We present a novel method which allows one to quantify the binding energy between complex hydrophobic nanoparticles in bulk aqueous solutions by means of light scattering. We tested the method on the case of thermosensitive nanoparticles made of a solid polymeric core onto which a thermosensitive p-NIPAM microgel shell is grafted. The microgel shrinks above a critical T at which the hydrophobic attraction sets in. By means of a novel statistical mechanics model to interpret the data, we manage to demonstrate that the binding energy as a function of T of thermosensitive nanoparticles behaves like in the case of neat two-level systems, with a rather sharp transition from hard-sphere (hydrophilic) to attractive (hydrophobic) at the critical temperature.
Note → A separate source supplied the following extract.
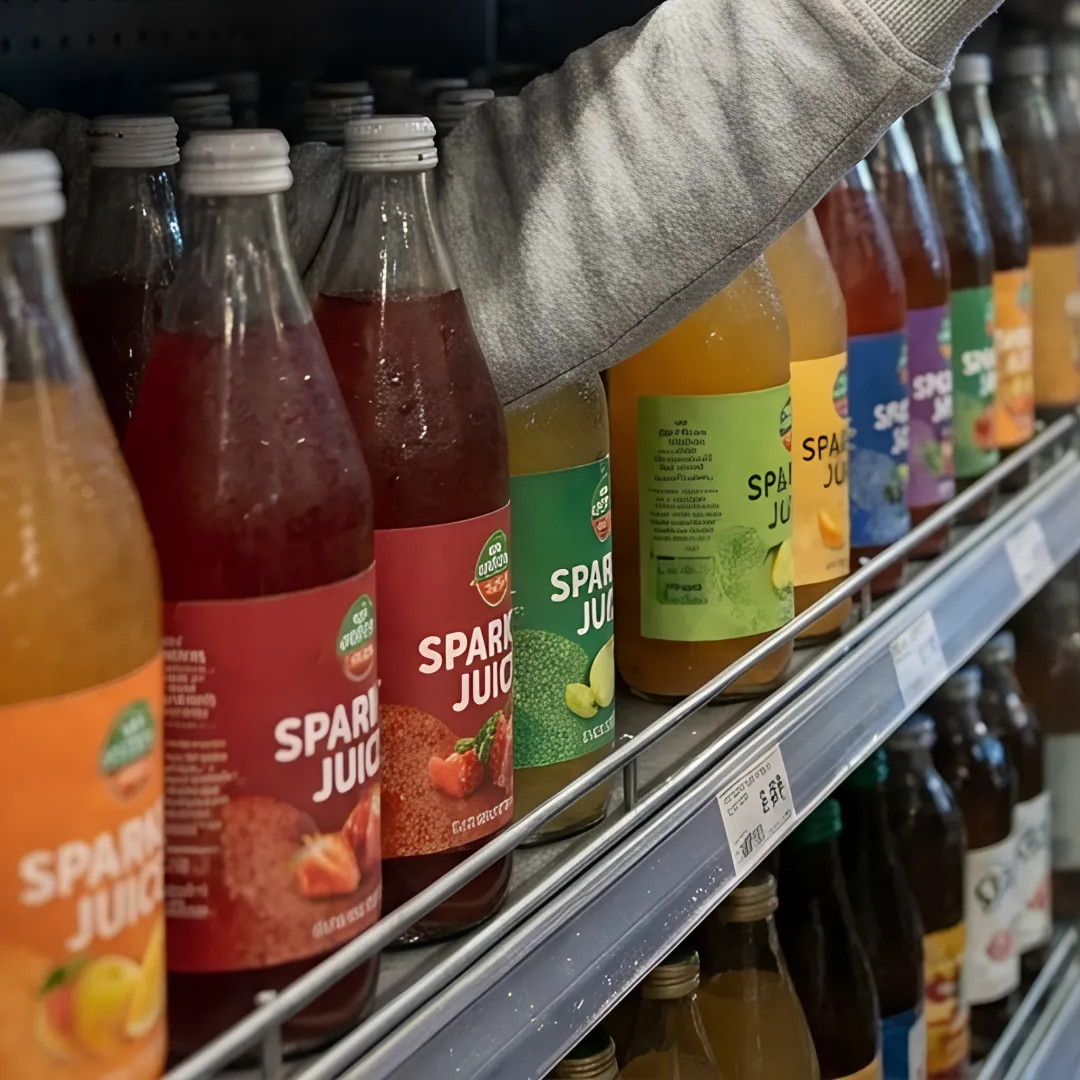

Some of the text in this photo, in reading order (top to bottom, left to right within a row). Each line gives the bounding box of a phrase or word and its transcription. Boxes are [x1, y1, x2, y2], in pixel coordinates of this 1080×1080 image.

[550, 551, 613, 602] SPAR
[452, 651, 513, 712] JUIC
[312, 727, 380, 803] JUIC
[64, 862, 163, 952] JUIC
The model allows us to make a clear quantitative connection between the binding energy and the entropy change of the grafted microgel upon going from hydrophilic to hydrophobic (in turn related to the microgel structure). The methods presented in this work can be applied to quantify the binding energy of complex biomolecules in bulk solution, which is a major challenge in biophysics nowadays. Reference: A. Zaccone, J.J. Crassous, B. Beri, and M. Ballauff, Phys. Rev. Lett. 107, 168303 (2011).